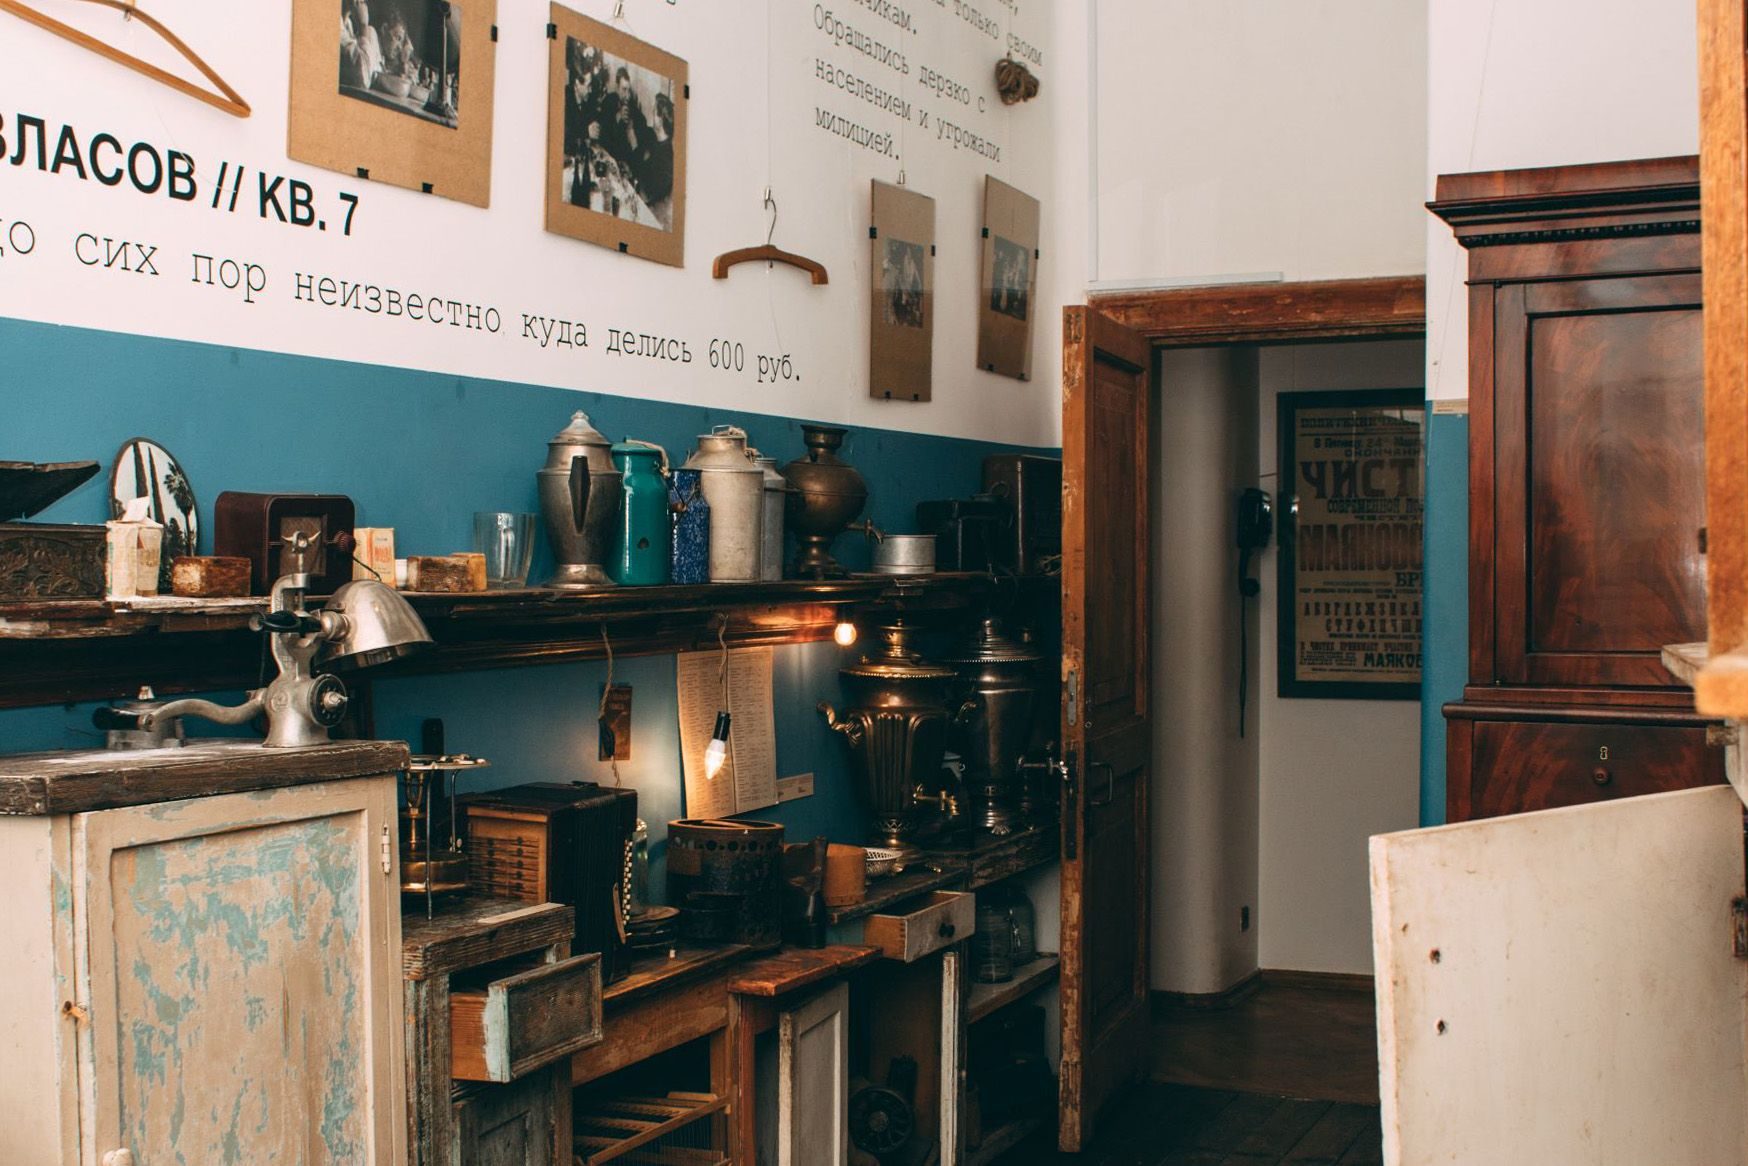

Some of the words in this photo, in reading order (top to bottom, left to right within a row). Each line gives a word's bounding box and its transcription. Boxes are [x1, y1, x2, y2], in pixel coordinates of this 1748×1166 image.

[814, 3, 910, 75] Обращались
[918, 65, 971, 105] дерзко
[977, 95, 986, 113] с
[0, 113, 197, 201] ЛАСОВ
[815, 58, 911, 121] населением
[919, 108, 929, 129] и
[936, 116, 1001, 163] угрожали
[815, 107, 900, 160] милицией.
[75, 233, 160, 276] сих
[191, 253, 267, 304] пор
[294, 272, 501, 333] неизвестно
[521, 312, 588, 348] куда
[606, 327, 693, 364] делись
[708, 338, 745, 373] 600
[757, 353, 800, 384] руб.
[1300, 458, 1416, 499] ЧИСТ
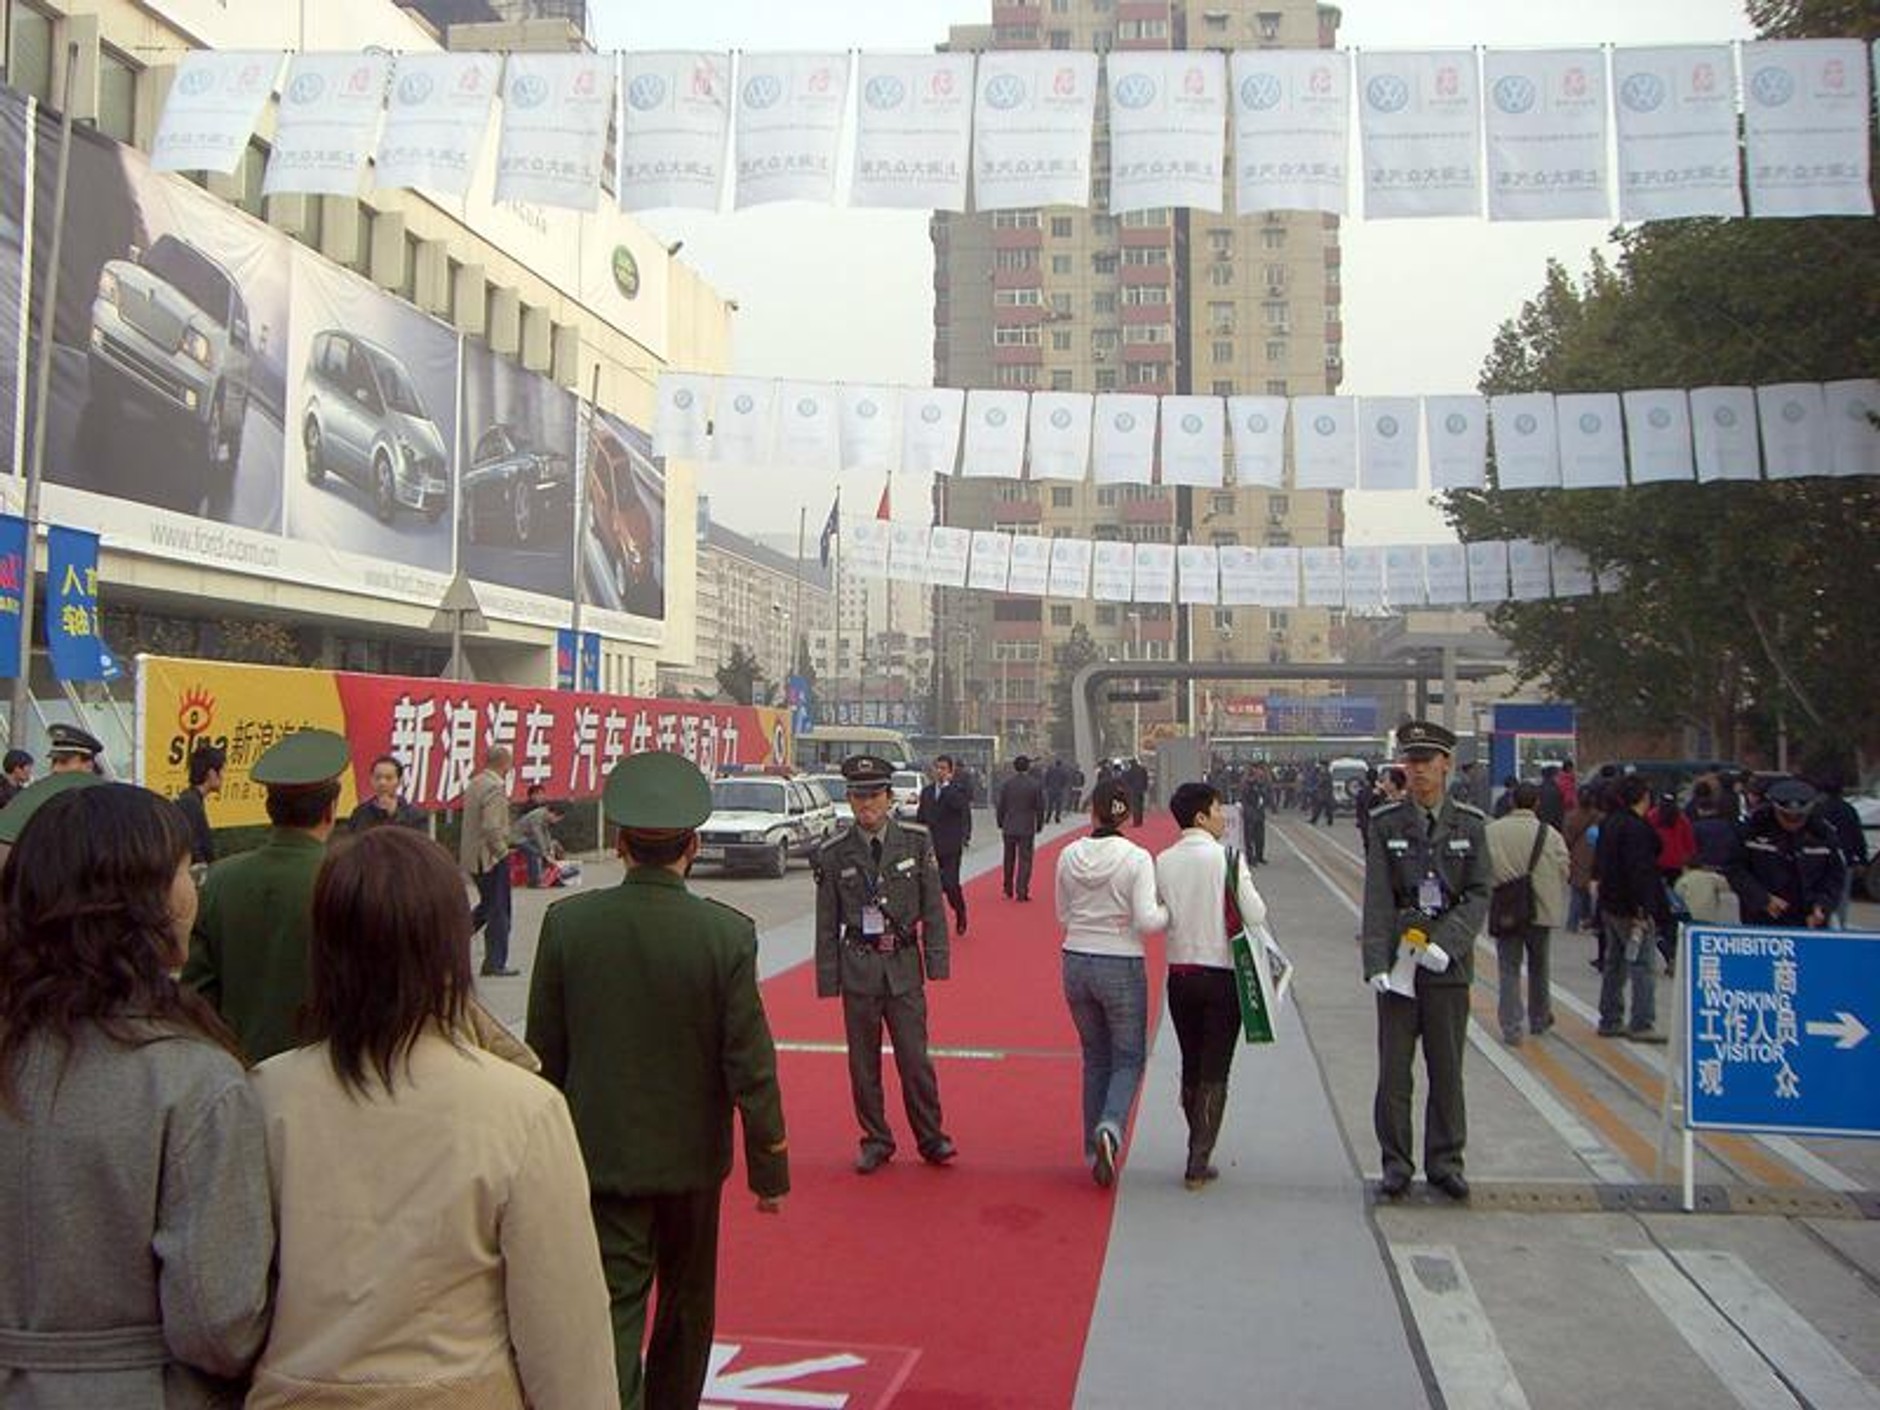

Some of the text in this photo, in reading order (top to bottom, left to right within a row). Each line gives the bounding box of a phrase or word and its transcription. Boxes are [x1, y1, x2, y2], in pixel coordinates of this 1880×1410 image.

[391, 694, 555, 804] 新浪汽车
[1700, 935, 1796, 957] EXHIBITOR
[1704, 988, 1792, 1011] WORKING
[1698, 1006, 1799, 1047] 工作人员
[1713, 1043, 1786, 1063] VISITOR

━━━━

## ACTIVITY:
Each line above should be printed again exactly, though the pictures should not be.

## ANSWER BOX:
Some of the words in this photo, in reading order (top to bottom, left to right within a row). Each line gives a word's bounding box and its transcription. Boxes are [x1, y1, x2, y2], in pixel coordinates of this 1748×1166 image.

[814, 3, 910, 75] Обращались
[918, 65, 971, 105] дерзко
[977, 95, 986, 113] с
[0, 113, 197, 201] ЛАСОВ
[815, 58, 911, 121] населением
[919, 108, 929, 129] и
[936, 116, 1001, 163] угрожали
[815, 107, 900, 160] милицией.
[75, 233, 160, 276] сих
[191, 253, 267, 304] пор
[294, 272, 501, 333] неизвестно
[521, 312, 588, 348] куда
[606, 327, 693, 364] делись
[708, 338, 745, 373] 600
[757, 353, 800, 384] руб.
[1300, 458, 1416, 499] ЧИСТ

Some of the text in this photo, in reading order (top to bottom, left to right within a row). Each line gives the bounding box of a phrase or word and its transcription. Boxes are [x1, y1, x2, y2], in pixel coordinates of this 1880×1410 image.

[391, 694, 555, 804] 新浪汽车
[1700, 935, 1796, 957] EXHIBITOR
[1704, 988, 1792, 1011] WORKING
[1698, 1006, 1799, 1047] 工作人员
[1713, 1043, 1786, 1063] VISITOR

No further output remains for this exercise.